## What you should do
Print the records exactly as written, and let no picture into the answer.

════════

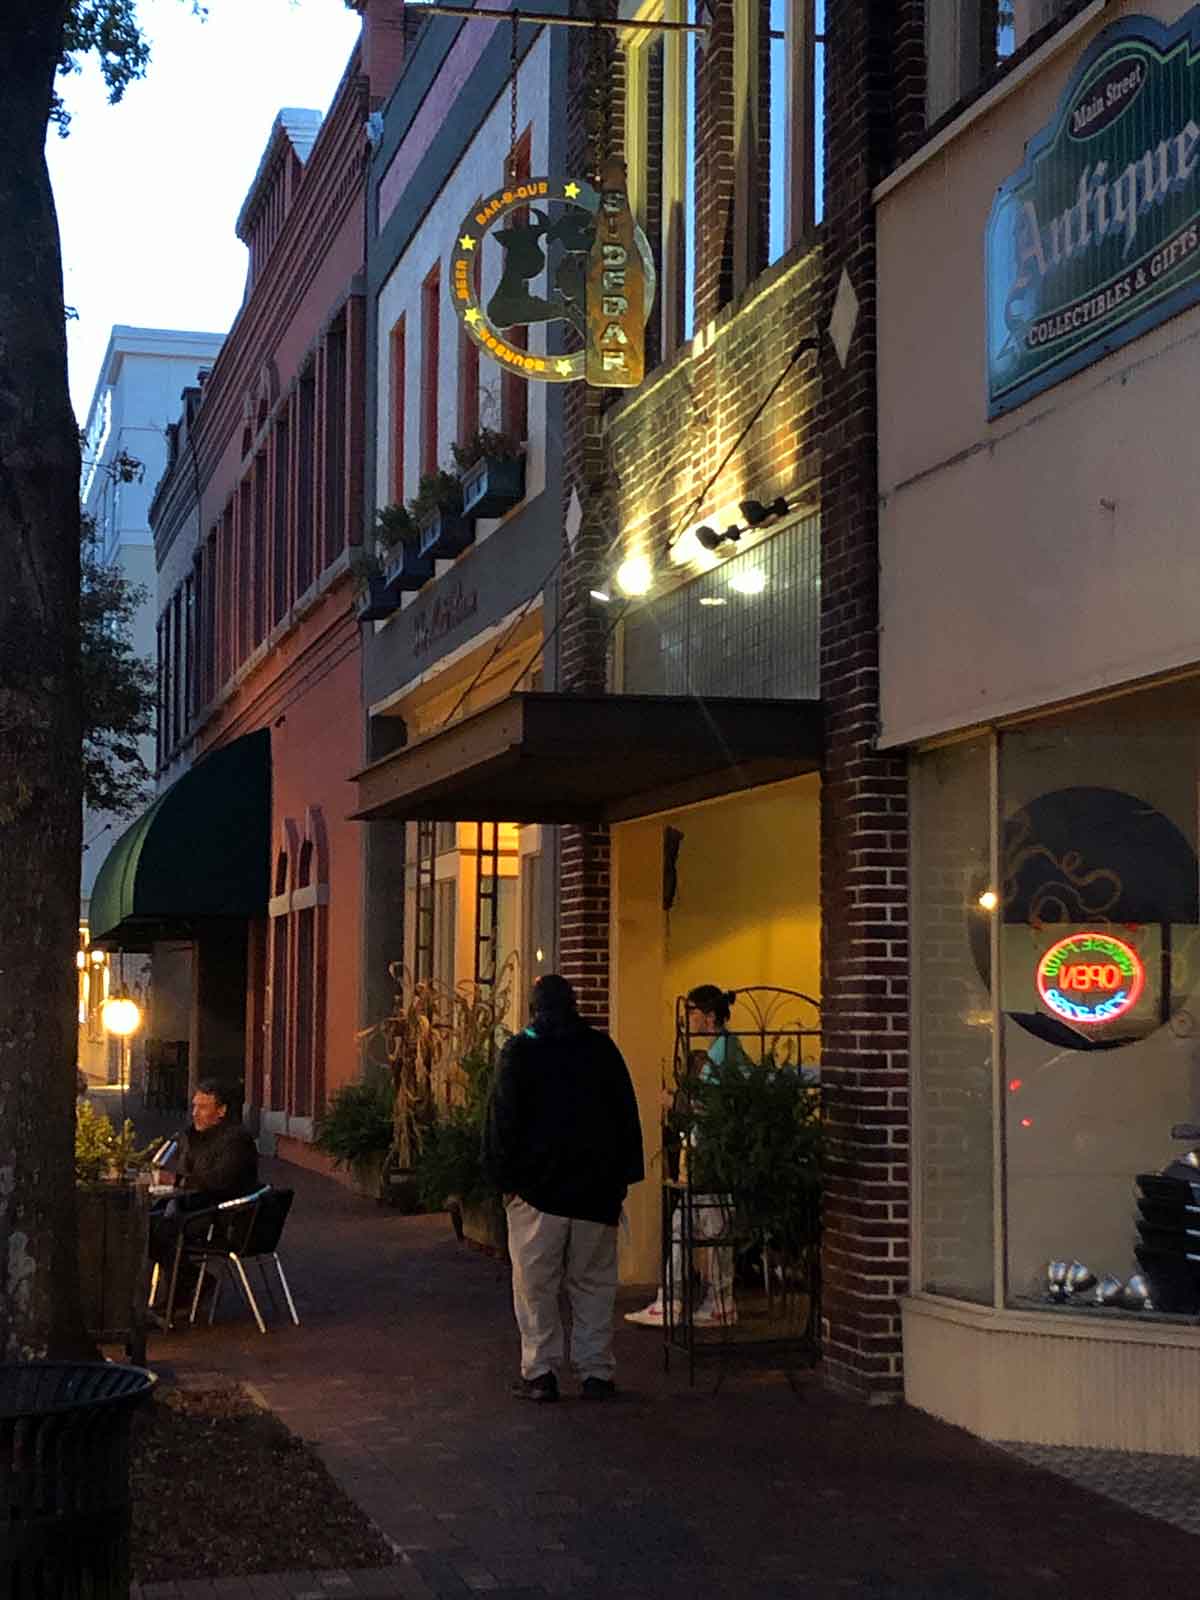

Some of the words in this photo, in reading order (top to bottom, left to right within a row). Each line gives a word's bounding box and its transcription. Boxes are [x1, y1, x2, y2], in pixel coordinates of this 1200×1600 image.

[1073, 96, 1104, 132] Main
[1105, 64, 1141, 107] Street
[456, 260, 470, 299] BEER
[1029, 276, 1131, 345] COLLECTIBLES
[1136, 267, 1148, 289] &
[1150, 225, 1198, 278] GIFTS
[479, 329, 545, 371] BOURBON
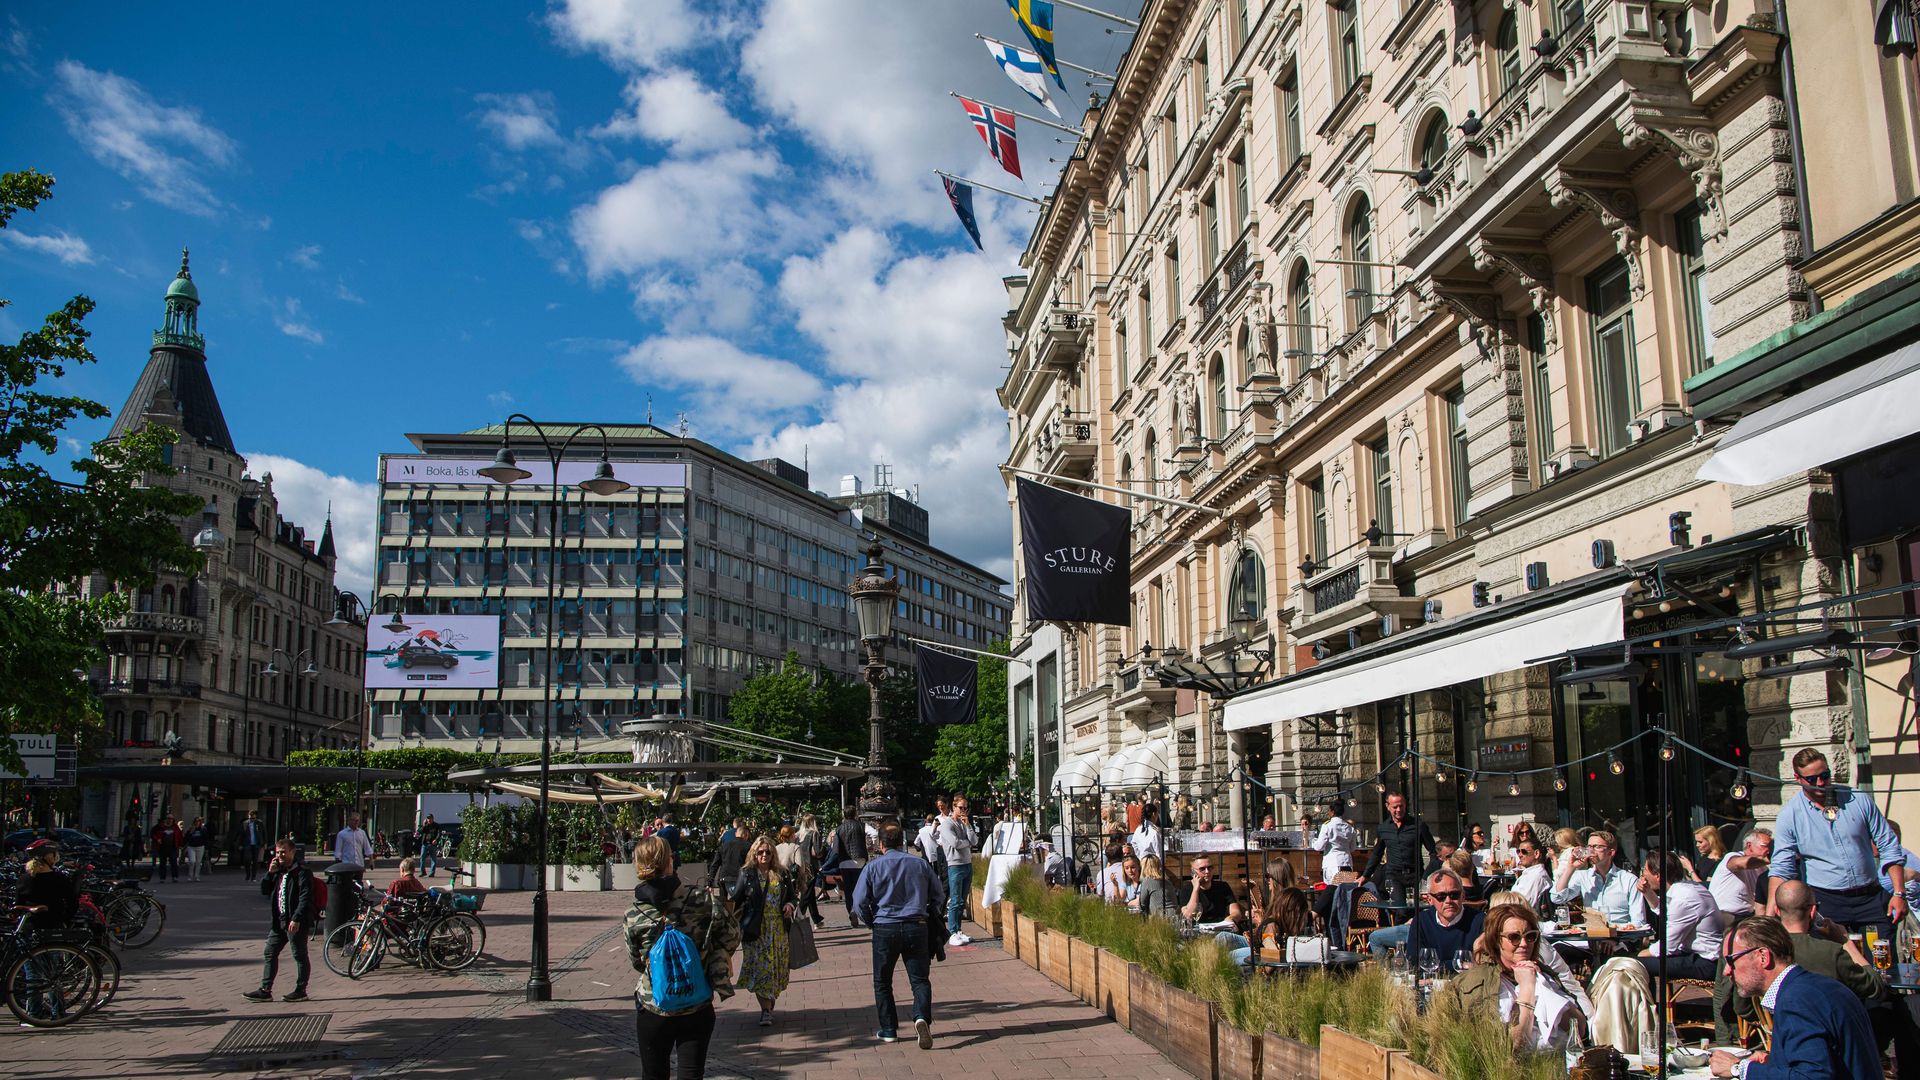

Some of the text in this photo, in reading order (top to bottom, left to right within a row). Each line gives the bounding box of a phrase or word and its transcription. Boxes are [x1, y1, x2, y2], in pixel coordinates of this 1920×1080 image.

════════

## Reply
Some of the words in this photo, in reading order (top to bottom, left to right within a row). Each line gives a word's bounding box and its transcription. Boxes are [x1, y1, x2, y2], in pixel coordinates of this 1200×1600 image.

[1073, 96, 1104, 132] Main
[1105, 64, 1141, 107] Street
[456, 260, 470, 299] BEER
[1029, 276, 1131, 345] COLLECTIBLES
[1136, 267, 1148, 289] &
[1150, 225, 1198, 278] GIFTS
[479, 329, 545, 371] BOURBON

Some of the text in this photo, in reading order (top to bottom, left to right within a row). Each line gives the bounding box of a phrase or word and its transcription. Boxes are [x1, y1, x2, y2], in pixel coordinates of this 1920×1080 image.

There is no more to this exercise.